(Data for this exercise)

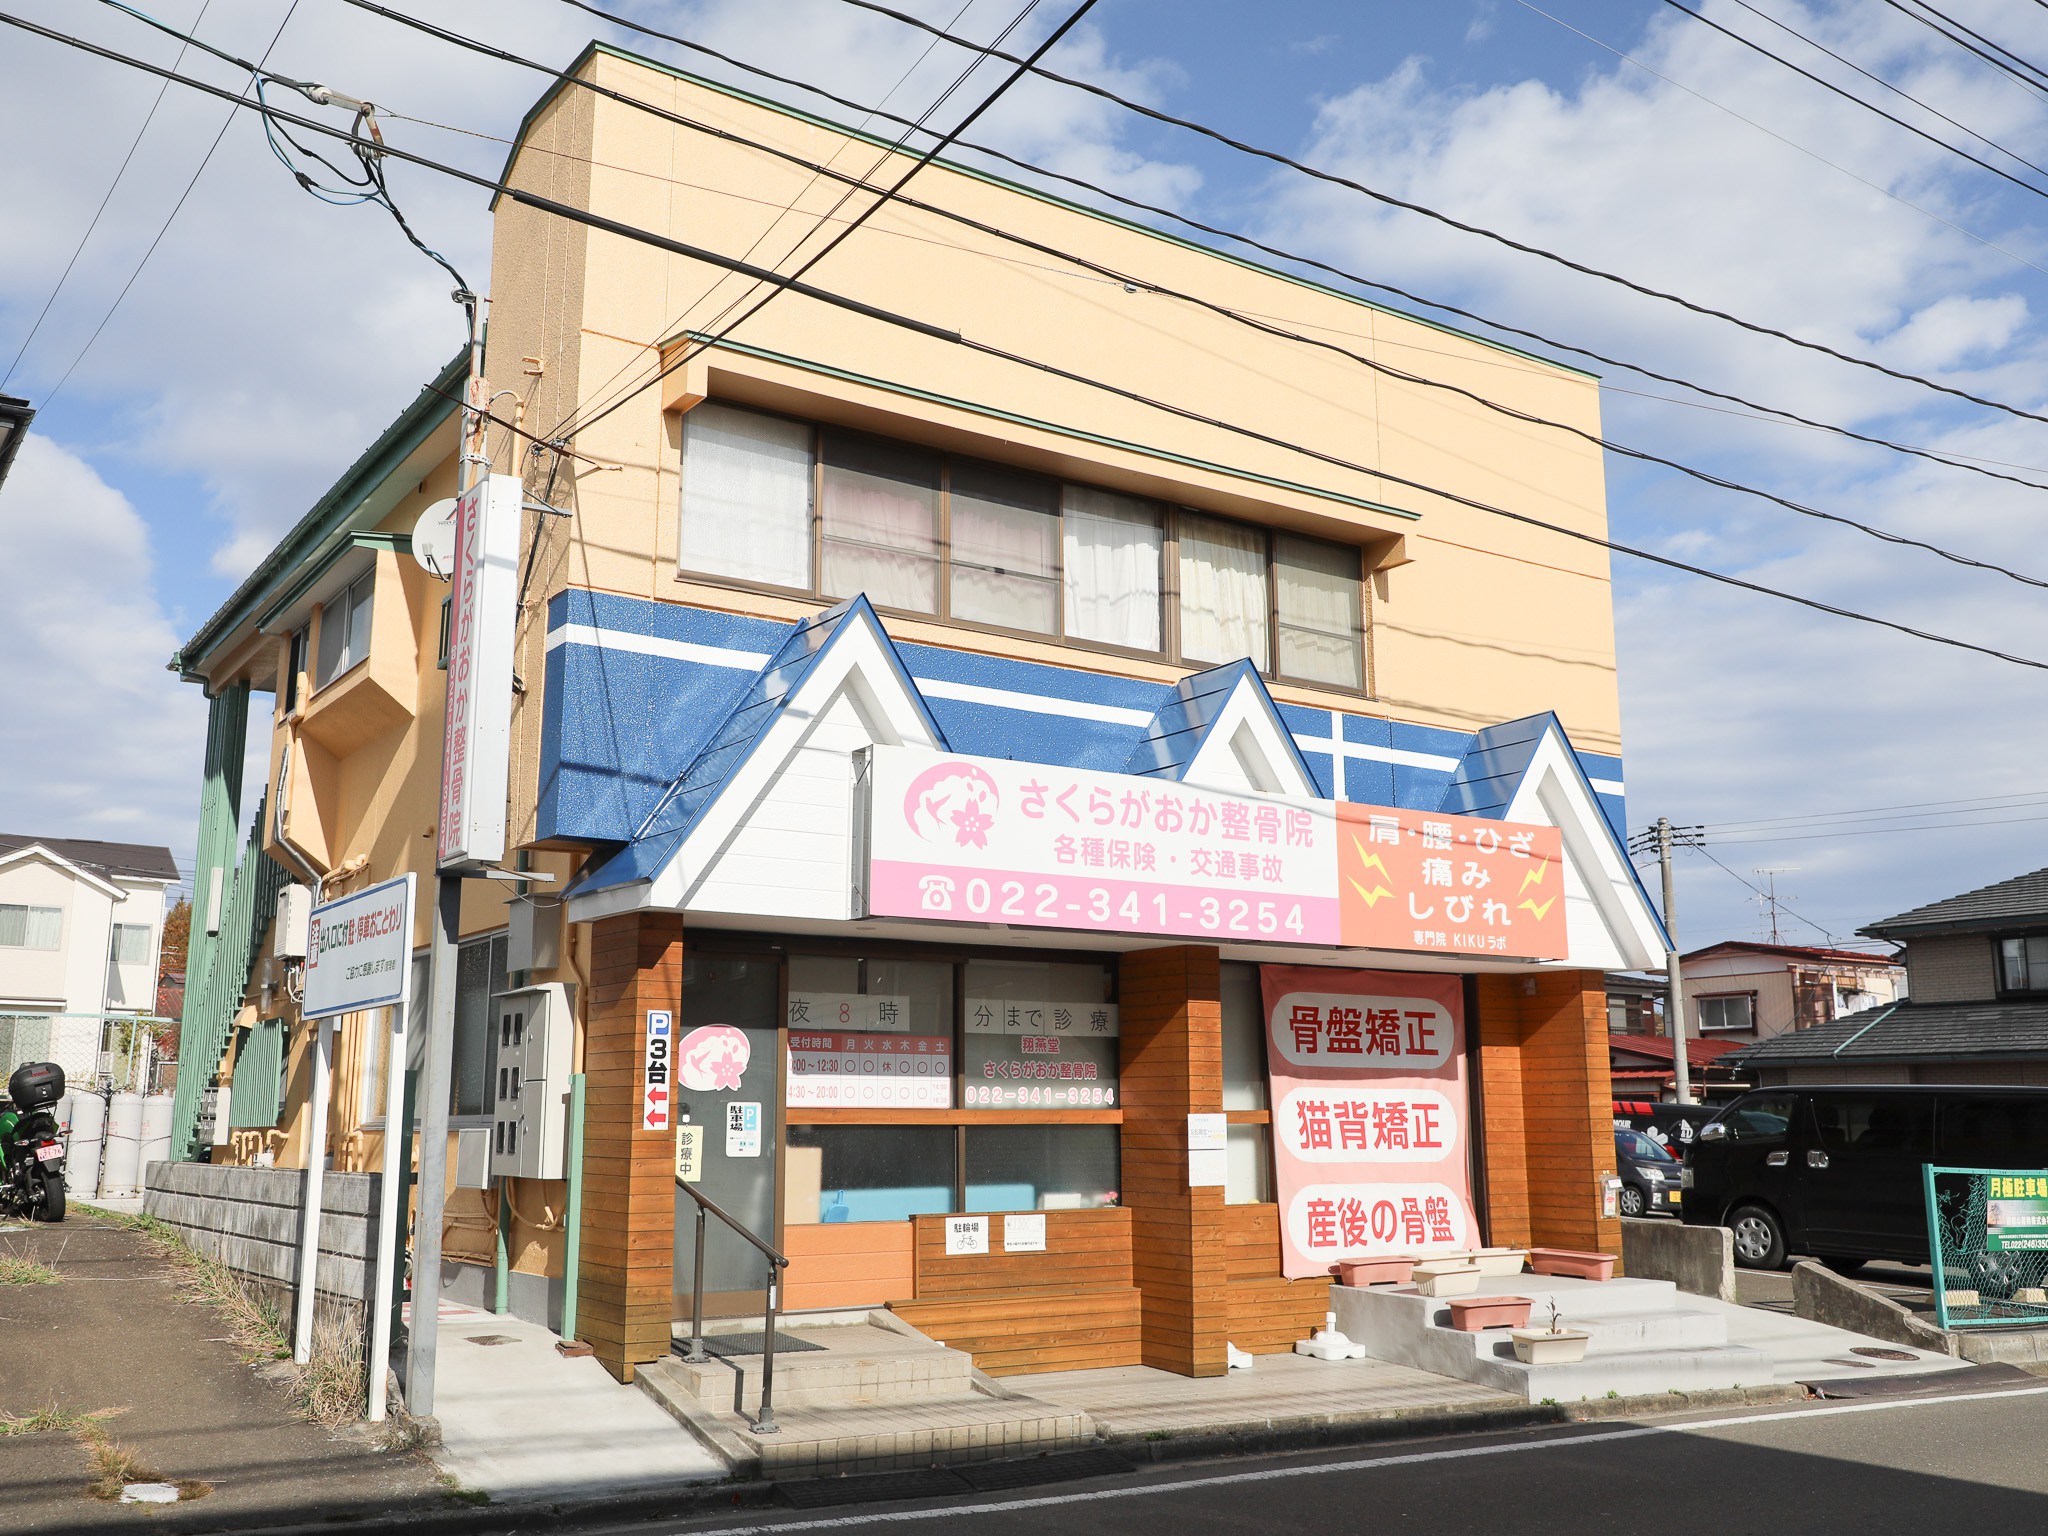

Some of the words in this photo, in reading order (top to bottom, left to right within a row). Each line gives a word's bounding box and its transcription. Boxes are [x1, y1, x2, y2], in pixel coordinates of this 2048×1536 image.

[448, 497, 479, 850] さくらがおか整骨院
[1019, 777, 1314, 848] さくらがおか整骨院
[1421, 856, 1492, 889] 痛み
[965, 878, 1305, 936] 022-341-3254
[1408, 891, 1512, 926] しびれ
[309, 921, 320, 966] 注意
[1413, 930, 1447, 947] 専門院
[789, 1037, 833, 1050] 受付時間
[846, 1039, 856, 1050] 月
[864, 1039, 874, 1050] 火
[882, 1040, 892, 1051] 水
[900, 1040, 910, 1051] 木
[918, 1041, 928, 1051] 金
[935, 1041, 945, 1052] 土
[1022, 1036, 1060, 1054] 翔燕堂
[1288, 1004, 1440, 1057] 骨盤矯正
[647, 1038, 668, 1085] 3台
[882, 1061, 892, 1072] 休
[983, 1061, 1098, 1080] さくらがおか整骨院
[965, 1086, 1115, 1105] 022-341-3254
[729, 1105, 744, 1132] 駐車場
[1296, 1100, 1443, 1150] 猫背矯正
[679, 1132, 694, 1175] 診療中
[1990, 1177, 2048, 1198] 月極駐車場
[953, 1222, 979, 1233] 駐輪場
[1306, 1195, 1456, 1248] 産後の骨盤
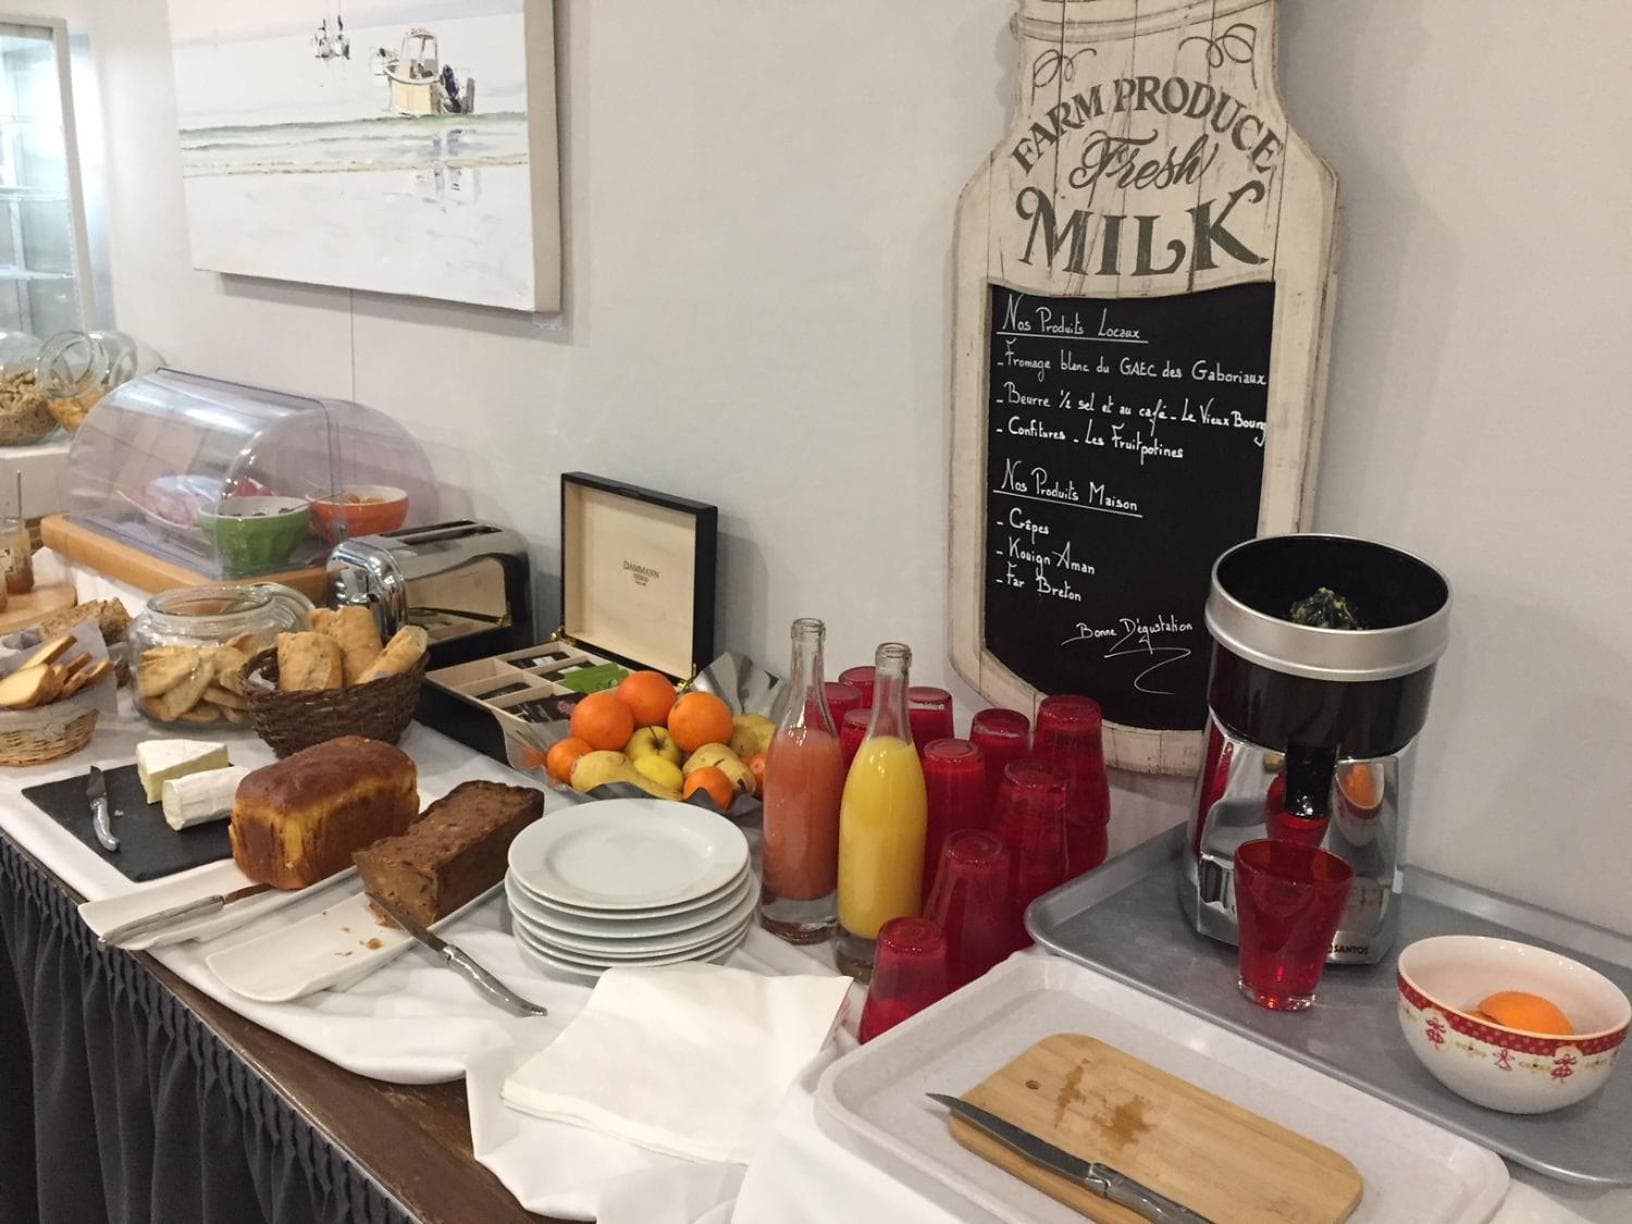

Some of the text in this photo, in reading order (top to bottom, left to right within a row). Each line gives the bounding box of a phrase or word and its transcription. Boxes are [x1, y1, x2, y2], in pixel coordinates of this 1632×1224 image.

(End Data for this exercise)

Skipping all images, print the data above a second time exactly.

Some of the words in this photo, in reading order (top to bottom, left to right within a row). Each line gives a word's bounding box and its transcription. Boxes are [x1, y1, x2, y2], in pixel coordinates of this 2048×1536 image.

[448, 497, 479, 850] さくらがおか整骨院
[1019, 777, 1314, 848] さくらがおか整骨院
[1421, 856, 1492, 889] 痛み
[965, 878, 1305, 936] 022-341-3254
[1408, 891, 1512, 926] しびれ
[309, 921, 320, 966] 注意
[1413, 930, 1447, 947] 専門院
[789, 1037, 833, 1050] 受付時間
[846, 1039, 856, 1050] 月
[864, 1039, 874, 1050] 火
[882, 1040, 892, 1051] 水
[900, 1040, 910, 1051] 木
[918, 1041, 928, 1051] 金
[935, 1041, 945, 1052] 土
[1022, 1036, 1060, 1054] 翔燕堂
[1288, 1004, 1440, 1057] 骨盤矯正
[647, 1038, 668, 1085] 3台
[882, 1061, 892, 1072] 休
[983, 1061, 1098, 1080] さくらがおか整骨院
[965, 1086, 1115, 1105] 022-341-3254
[729, 1105, 744, 1132] 駐車場
[1296, 1100, 1443, 1150] 猫背矯正
[679, 1132, 694, 1175] 診療中
[1990, 1177, 2048, 1198] 月極駐車場
[953, 1222, 979, 1233] 駐輪場
[1306, 1195, 1456, 1248] 産後の骨盤

Some of the text in this photo, in reading order (top to bottom, left to right within a row). Each line gives the bounding box of a phrase or word and its transcription. Boxes are [x1, y1, x2, y2], in pixel coordinates of this 1632×1224 image.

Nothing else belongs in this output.